Design of an auto-zeroed, differential, organic thin-film field-effect transistor amplifier for sensor applications

David M. Binkley, Nikhil Verma, Robert L. Crawford, Erik Brandon, Thomas Nelson Jackson

Research output: Contribution to journalConference articlepeer-review

6 Scopus citations

Abstract

Organic strain gauge and other sensors require high-gain, precision dc amplification to process their low-level output signals. Ideally, amplifiers would be fabricated using organic thin-film field-effect transistors (OTFT's) adjacent to the sensors. However, OTFT amplifiers exhibit low gain and high input-referred dc offsets that must be effectively managed. This paper presents a four-stage, cascaded differential OTFT amplifier utilizing switched capacitor auto-zeroing.

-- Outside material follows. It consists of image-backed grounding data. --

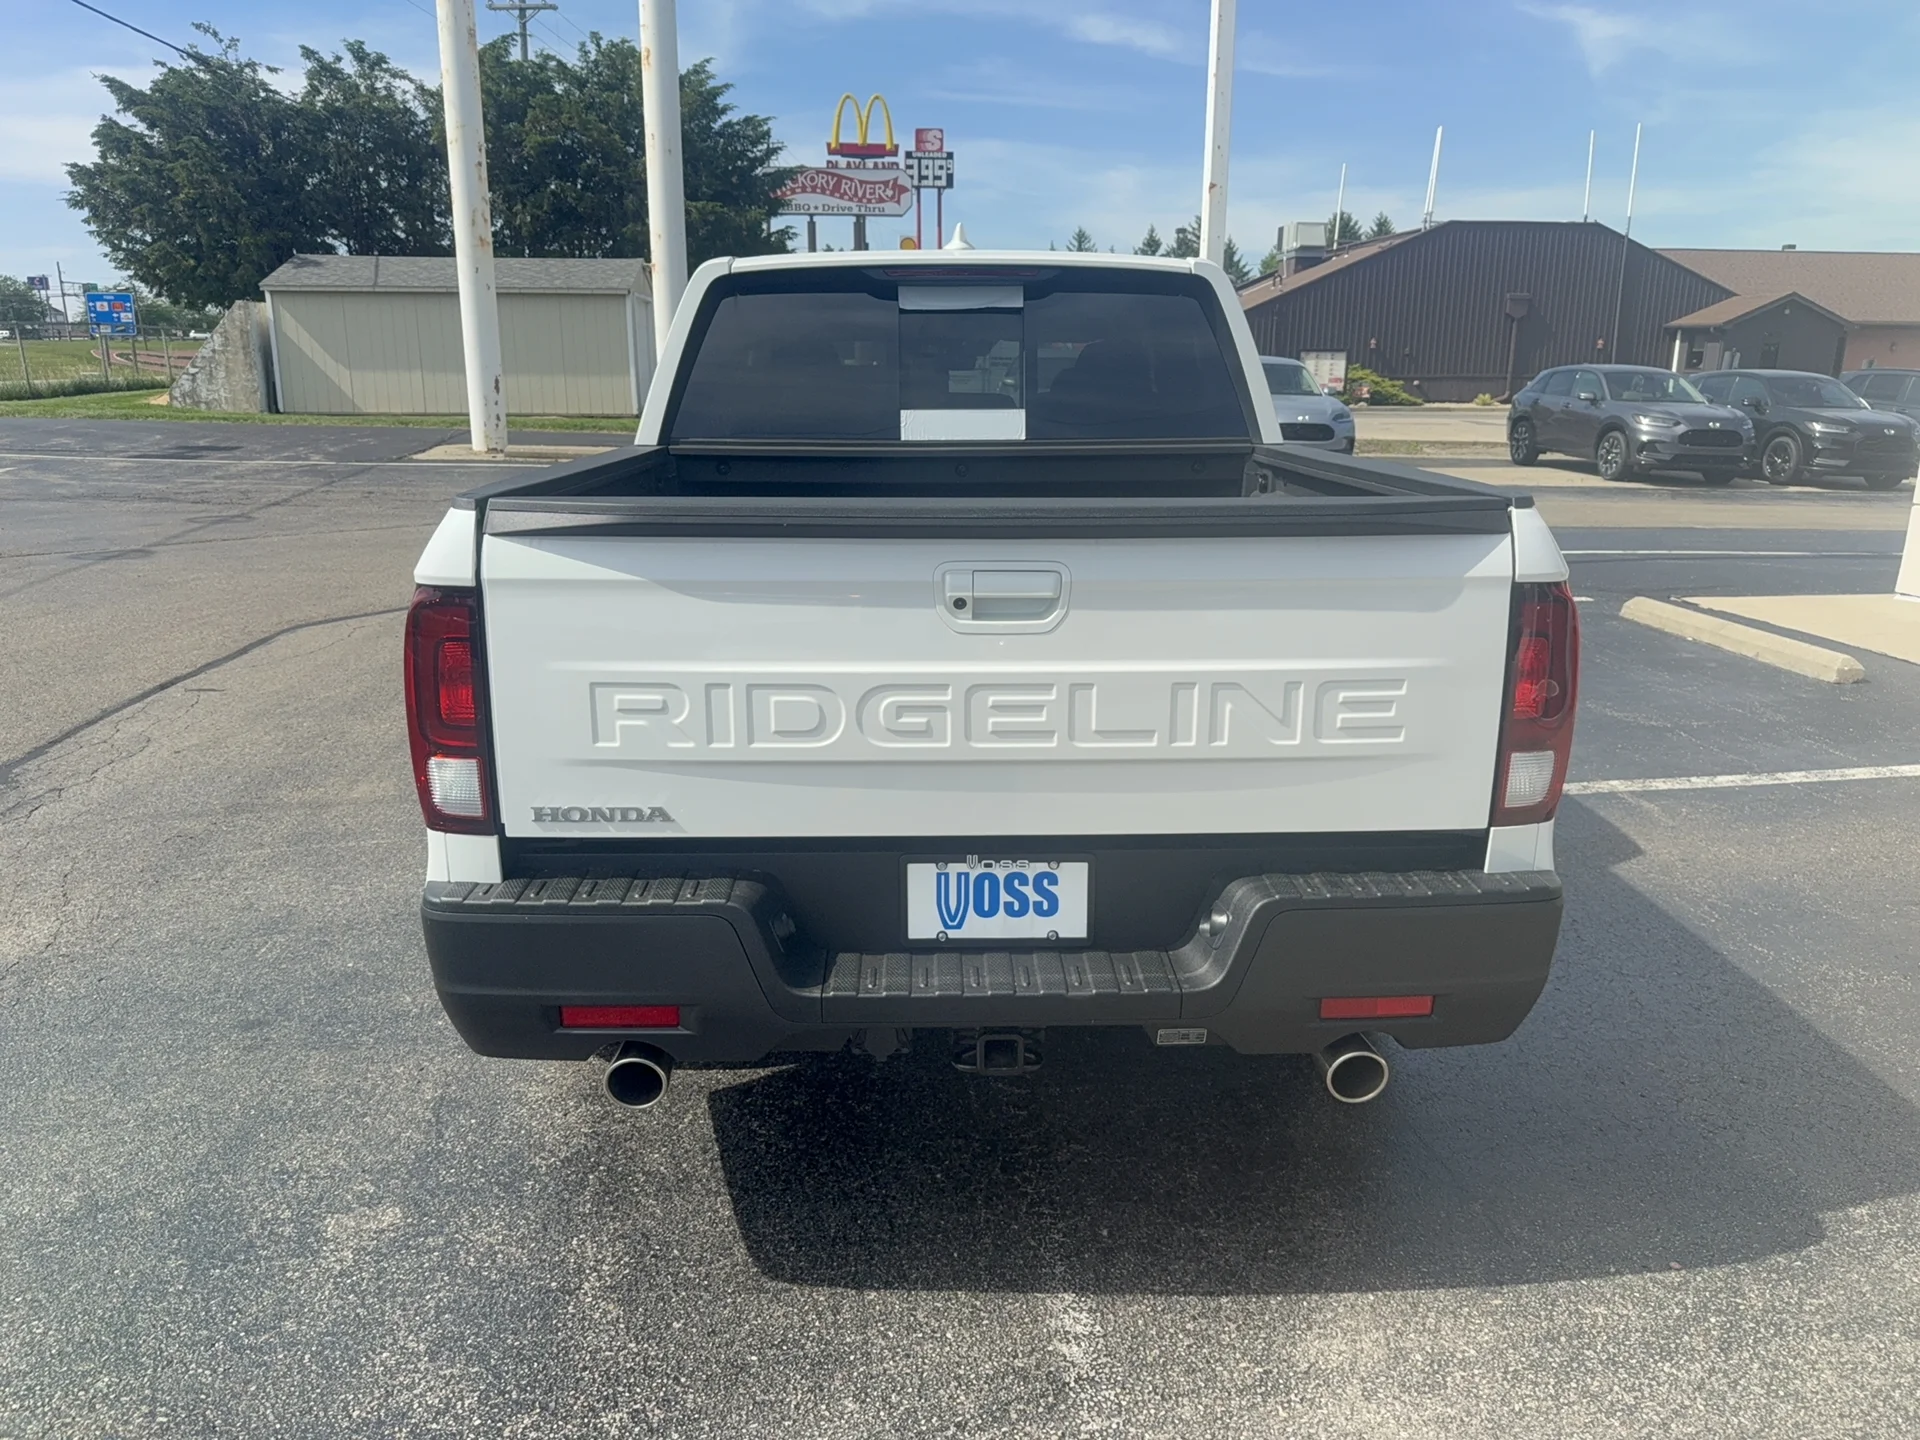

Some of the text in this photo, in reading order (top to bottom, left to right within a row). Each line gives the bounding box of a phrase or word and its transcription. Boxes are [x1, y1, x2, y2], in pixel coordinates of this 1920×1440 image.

[840, 178, 886, 201] RIVER
[822, 203, 854, 213] Drive
[855, 204, 886, 213] Thru
[589, 678, 1408, 749] RIDGELINE
[530, 806, 675, 822] HONDA
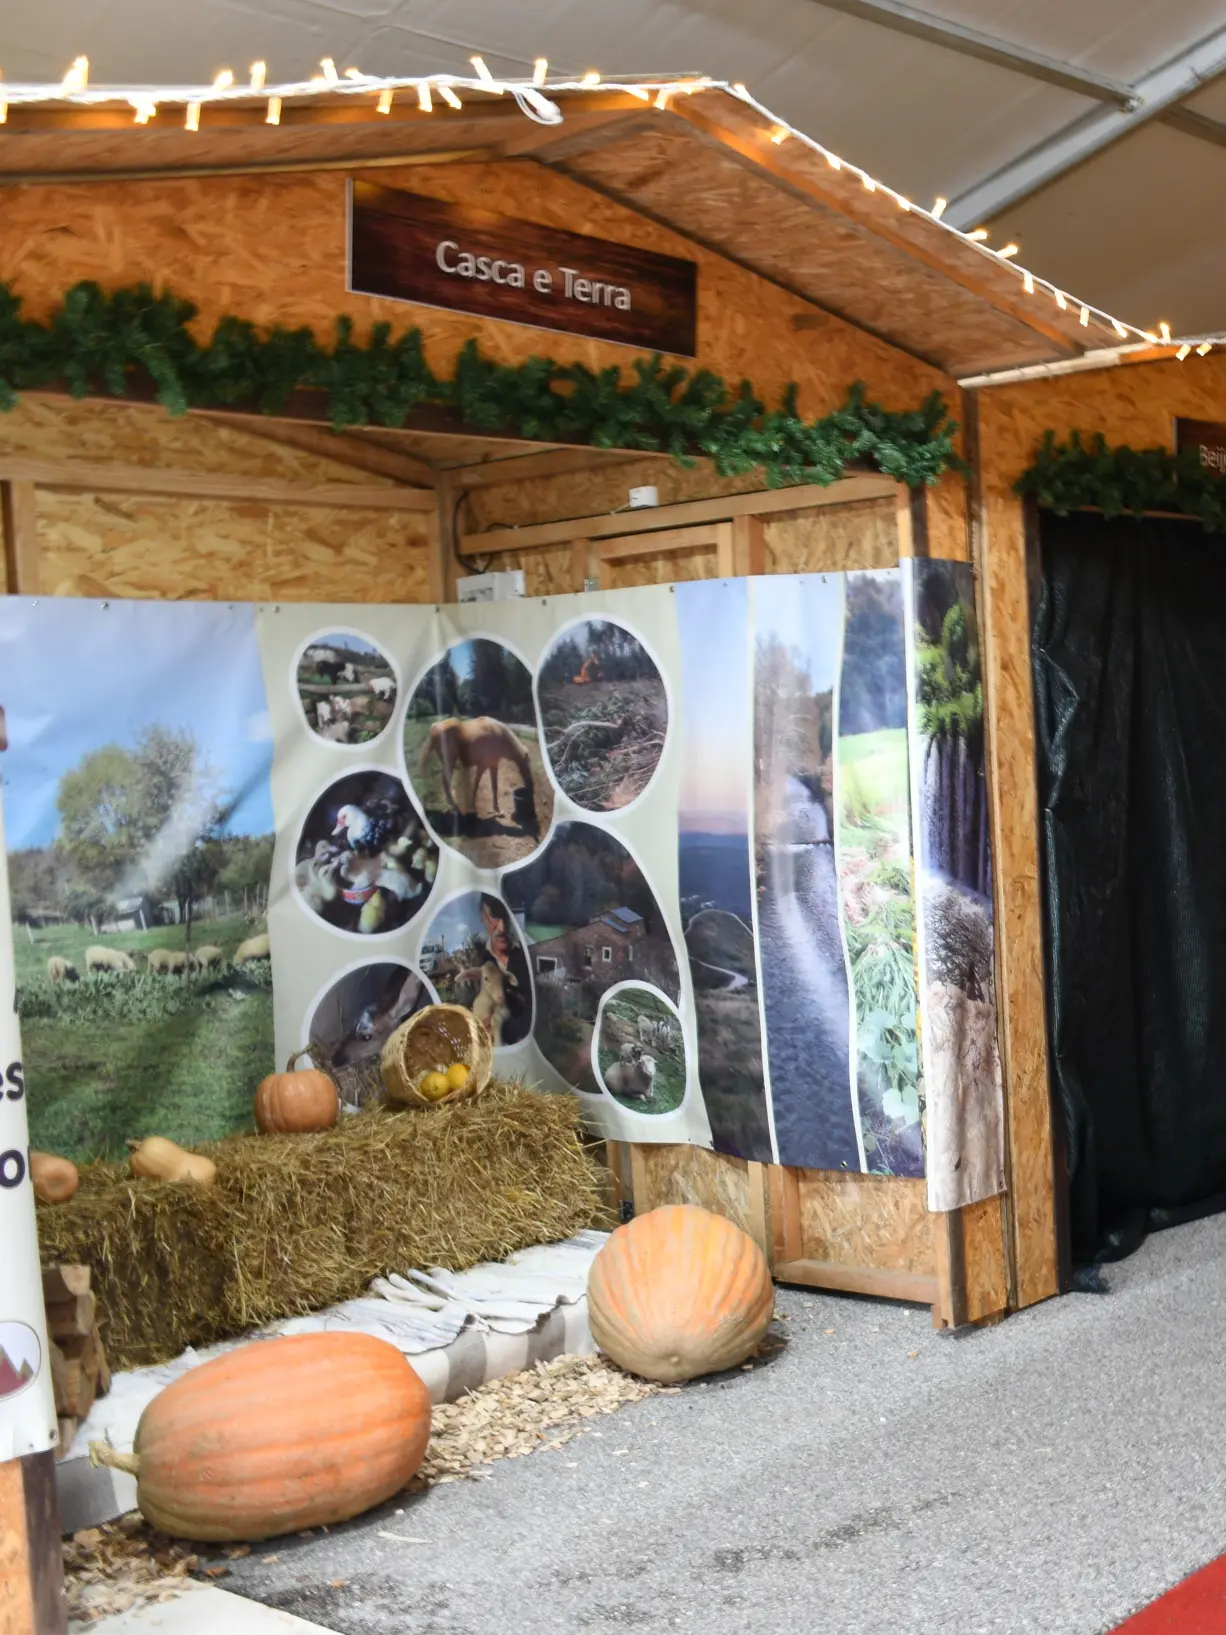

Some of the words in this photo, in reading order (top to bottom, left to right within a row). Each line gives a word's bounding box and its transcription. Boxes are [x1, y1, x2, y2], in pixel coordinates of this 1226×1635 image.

[436, 241, 525, 288] Casca
[533, 269, 552, 293] e
[558, 266, 631, 310] Terra
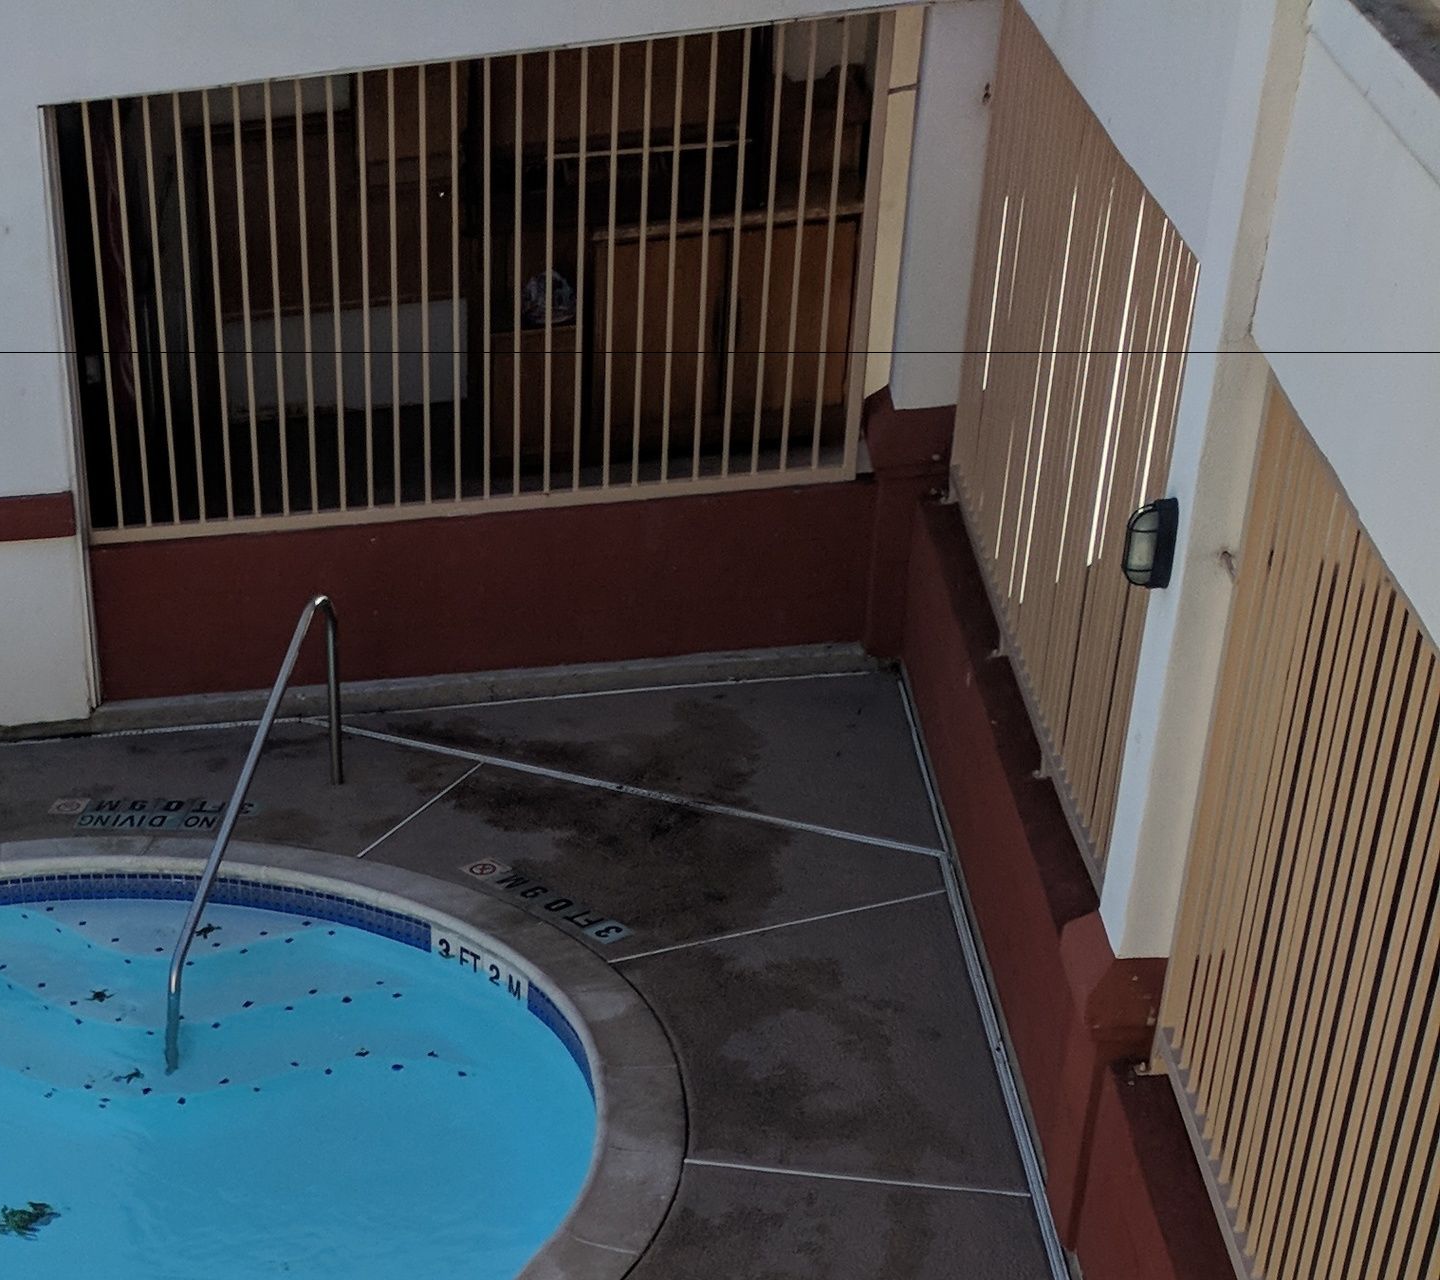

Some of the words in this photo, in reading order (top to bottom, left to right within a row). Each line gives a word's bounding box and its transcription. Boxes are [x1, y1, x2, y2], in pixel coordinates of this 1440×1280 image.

[192, 801, 225, 813] FT
[78, 815, 165, 828] DIVING
[184, 815, 217, 828] NO
[496, 873, 530, 890] M
[563, 909, 605, 928] FT
[594, 924, 624, 938] 3
[438, 938, 451, 958] 3
[460, 946, 481, 973] FT
[489, 964, 501, 987] 2
[508, 973, 522, 1000] M
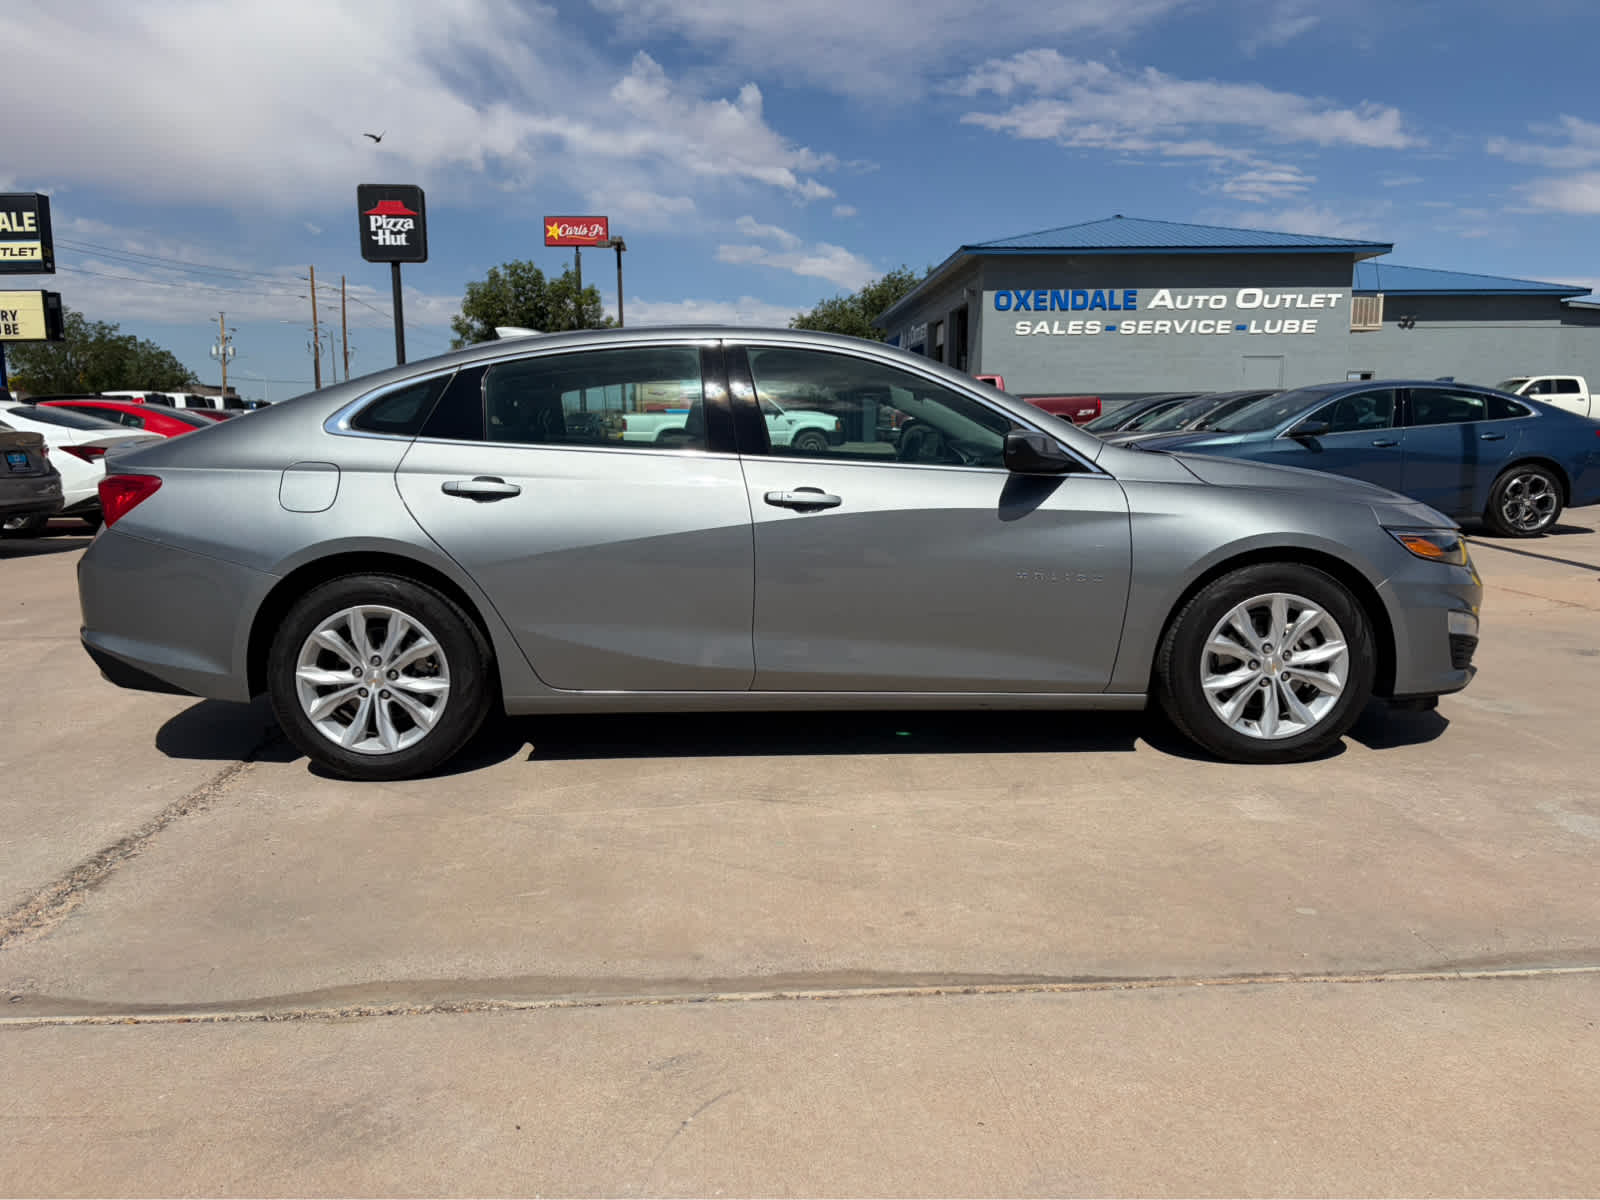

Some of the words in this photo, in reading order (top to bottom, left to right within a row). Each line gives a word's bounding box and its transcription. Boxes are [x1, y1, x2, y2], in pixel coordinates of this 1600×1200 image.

[369, 215, 415, 232] Pizza
[559, 223, 588, 237] Carl's
[371, 229, 411, 246] Hut
[994, 289, 1138, 312] OXENDALE
[1147, 289, 1228, 310] AUTO
[1235, 288, 1343, 309] OUTLET
[0, 323, 19, 335] BE

Each stage provides a nominal voltage gain of four through a differential pair driving low-impedance active loads, which provide common-mode output voltage control, p-type pentacene OTFT's are used for the amplifier devices and auto-zero switches. Simulations indicate the amplifier provides a nominal voltage gain of 280 V/V and effectively amplifies a 1-mV dc signal in the presence of 500-mV amplifier input-referred dc offset voltages. Future work could include the addition of digital gain calibration and offset correction of residual offsets associated with charge injection imbalance in the differential circuits.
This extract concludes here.